Wednesday, September 19, 2012

viff | apparition

Seems likely not to be Soul Food ("Sandoval is less interested in questions of faith than in the issue of good governance" - ooh, a civics lesson!), but one never knows...

(Philippines, 2012, 87 mins, Betacam SP)

Oct 09 05:00 pm Vancity Theatre
Oct 11 06:45 pm Pacific Cinematheque

A startling left-turn after Senorita (VIFF 11), Vincent Sandoval’s new film is about nuns in a cloister convent, like Powell and Pressburger’s Black Narcissus and Jacques Rivette’s La religieuse. It opens with a quote from Gramsci: “The old is dying and the new cannot be born. In this interregnum a great variety of morbid symptoms appears.” We’re in 1971, and the largest morbid symptom around is Ferdinand Marcos’s play for greater political power, which occurs off-screen. But little of the outside world impinges on Adoration, a convent set in secluded woods outside Manila, which sees itself as a physical and spiritual sanctuary. We explore this closed world, riven by manias and secrets, through the eyes of Sister Lourdes, a newly arrived novice. She has hardly settled in before she learns that her activist brother is missing, presumed arrested... She finds ways to venture out to Manila, where a terrible fate awaits her.

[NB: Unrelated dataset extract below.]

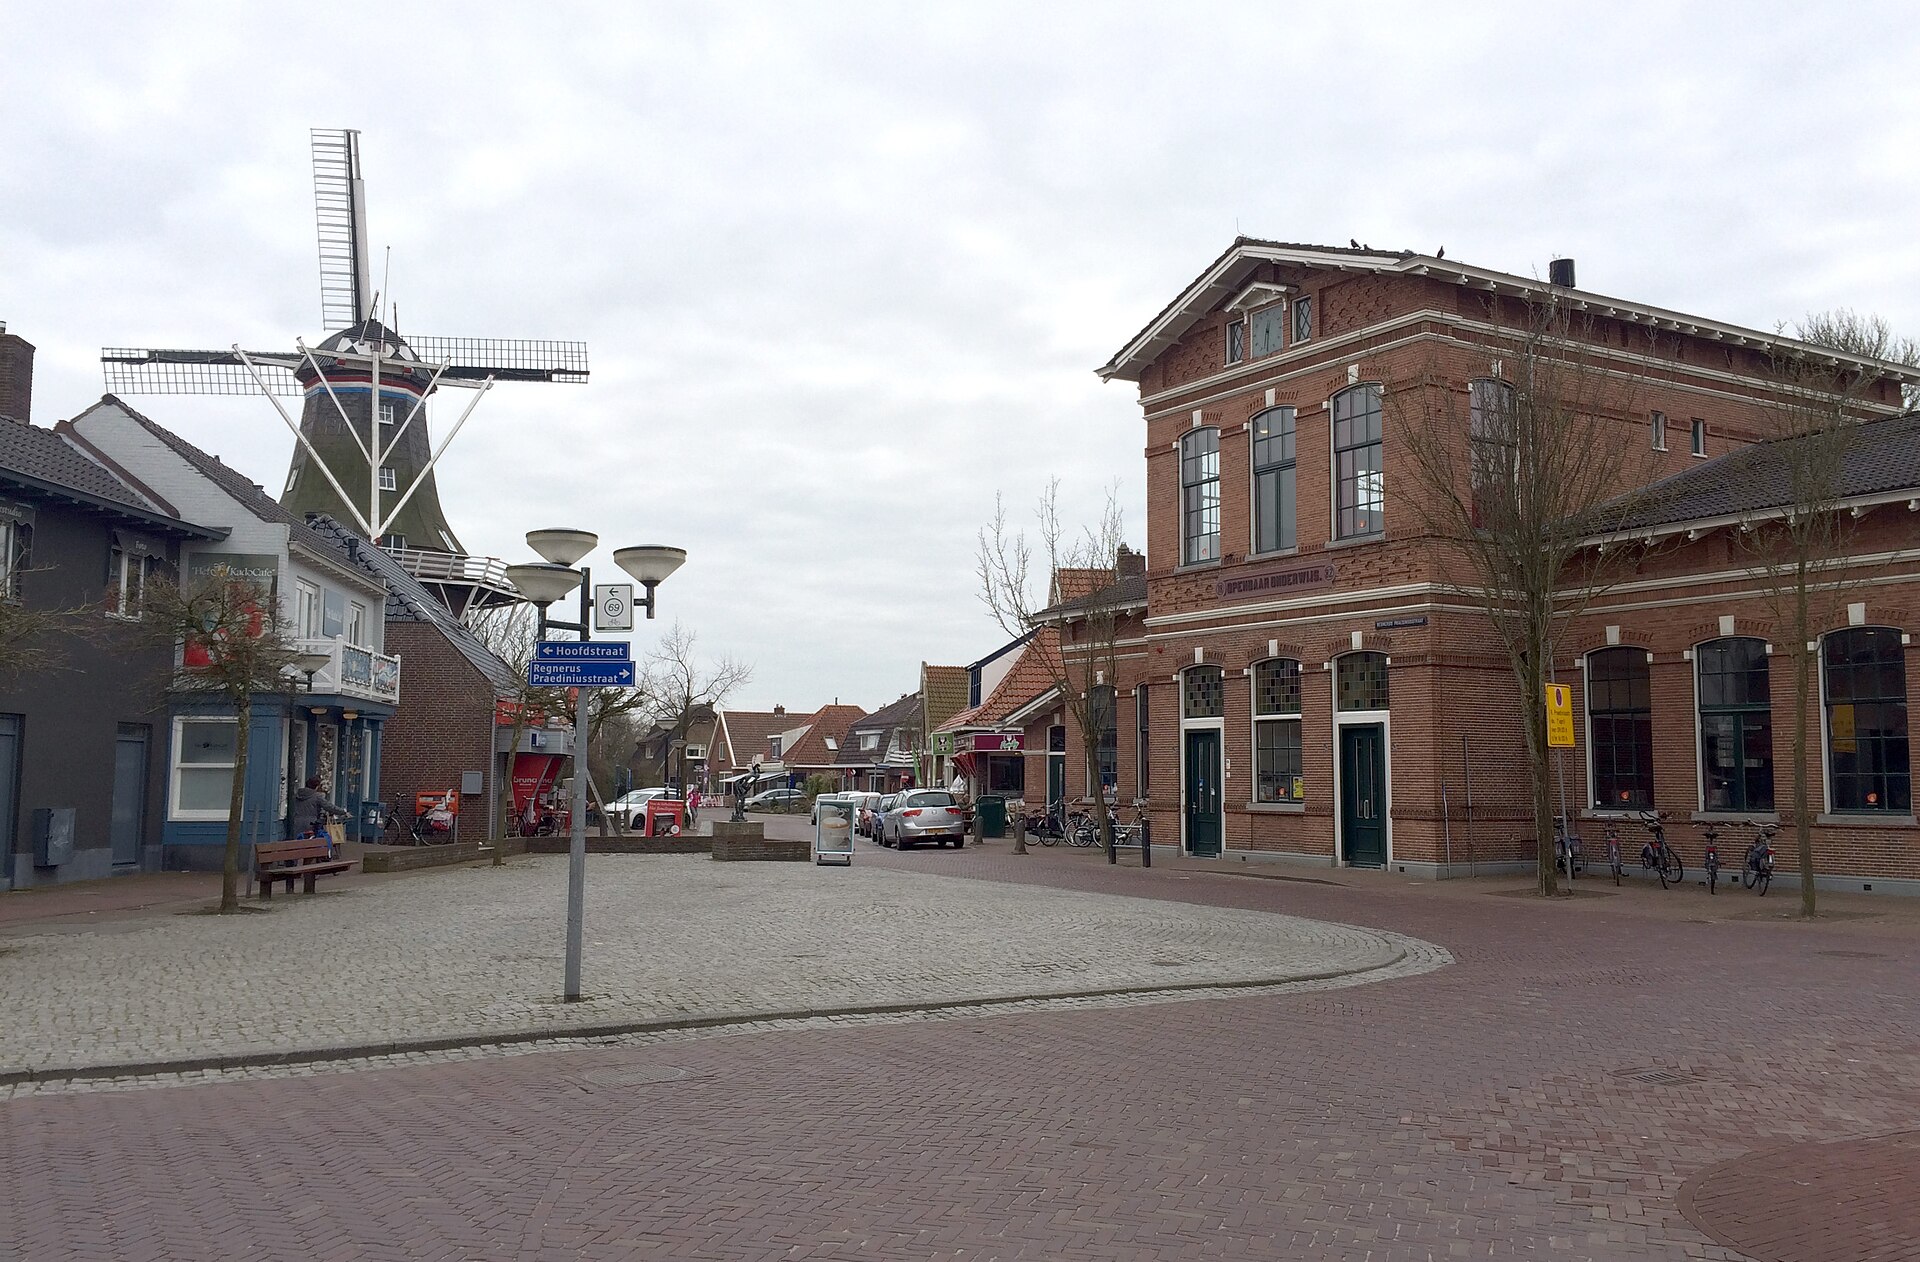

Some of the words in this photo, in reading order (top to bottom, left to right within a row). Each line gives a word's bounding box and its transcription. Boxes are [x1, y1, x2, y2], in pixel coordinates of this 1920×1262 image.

Apparition obviously reflects the fact that the Philippines is a predominantly Catholic nation, thanks to its years as a Spanish colony, but Sandoval is less interested in questions of faith than in the issue of good governance. Adoration’s Mother Superior, Ruth, knows much more about what’s going on in the outside world than she lets on. Is she a kind of Marcos, imposing her own kind of martial law?